Segment Open

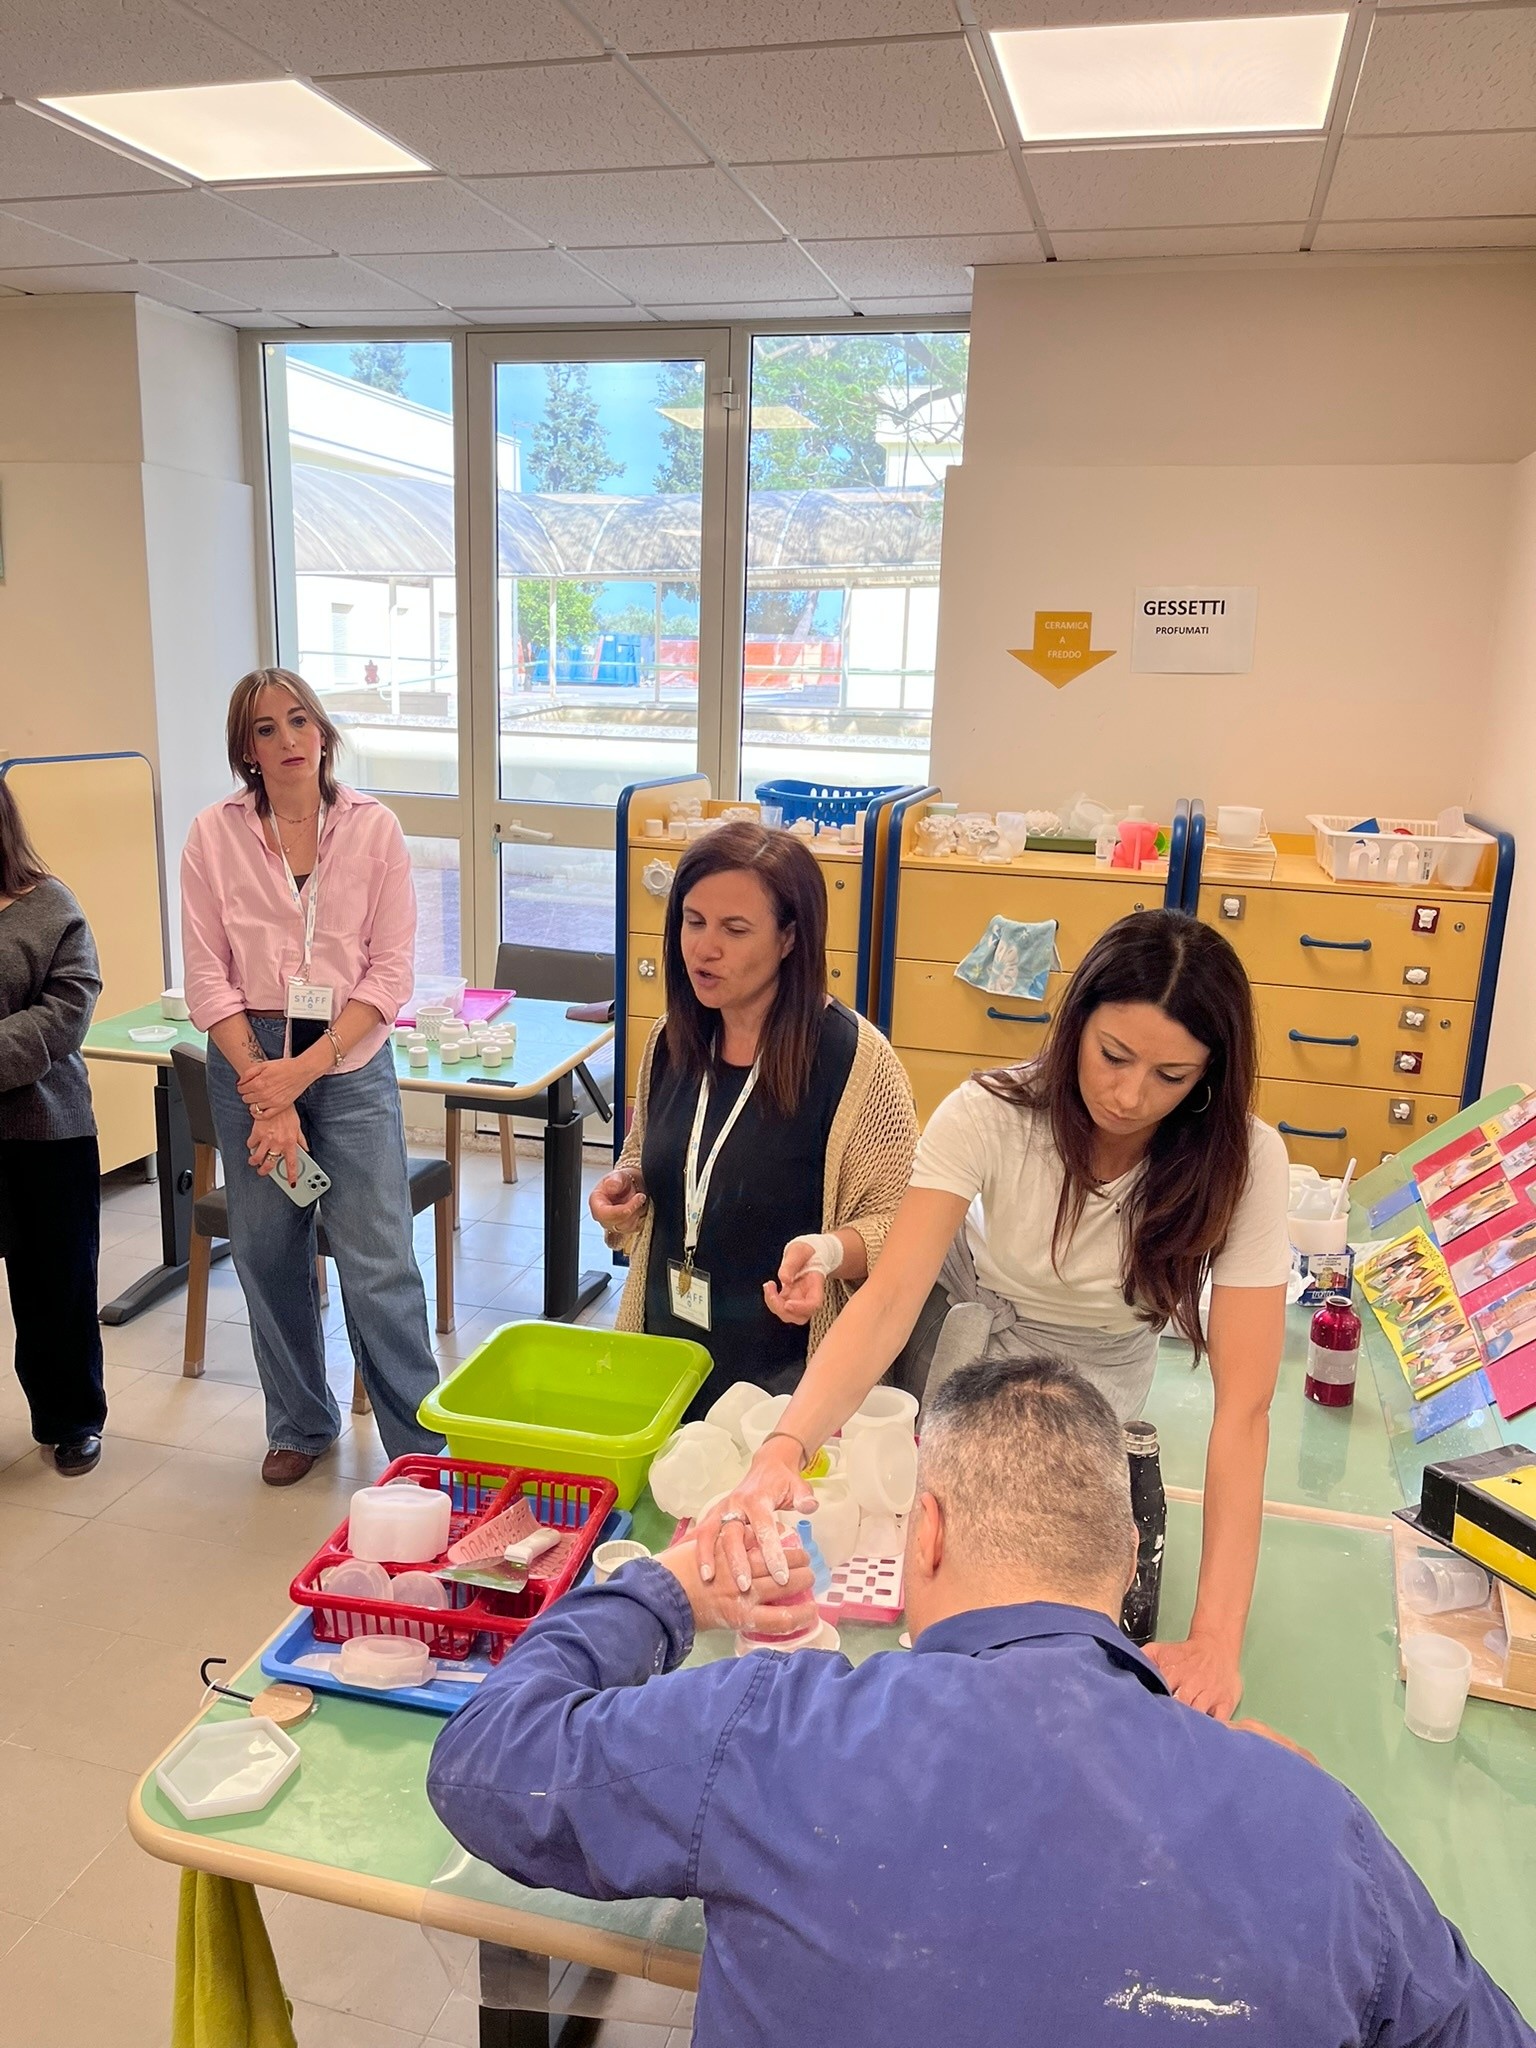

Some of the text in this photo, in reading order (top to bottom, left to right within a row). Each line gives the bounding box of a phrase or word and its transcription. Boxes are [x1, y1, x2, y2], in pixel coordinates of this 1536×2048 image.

[1143, 600, 1225, 615] GESSETTI
[1044, 621, 1089, 630] CERAMICA
[1155, 626, 1209, 635] PROFUMATI
[1059, 636, 1066, 644] A
[1047, 650, 1082, 659] FREDDO
[294, 994, 327, 1004] STAFF
[675, 1286, 704, 1304] SAFF

Segment Closed

Output all of the records exactly as they appear above, but not the pictures.

Some of the text in this photo, in reading order (top to bottom, left to right within a row). Each line gives the bounding box of a phrase or word and its transcription. Boxes are [x1, y1, x2, y2], in pixel coordinates of this 1536×2048 image.

[1143, 600, 1225, 615] GESSETTI
[1044, 621, 1089, 630] CERAMICA
[1155, 626, 1209, 635] PROFUMATI
[1059, 636, 1066, 644] A
[1047, 650, 1082, 659] FREDDO
[294, 994, 327, 1004] STAFF
[675, 1286, 704, 1304] SAFF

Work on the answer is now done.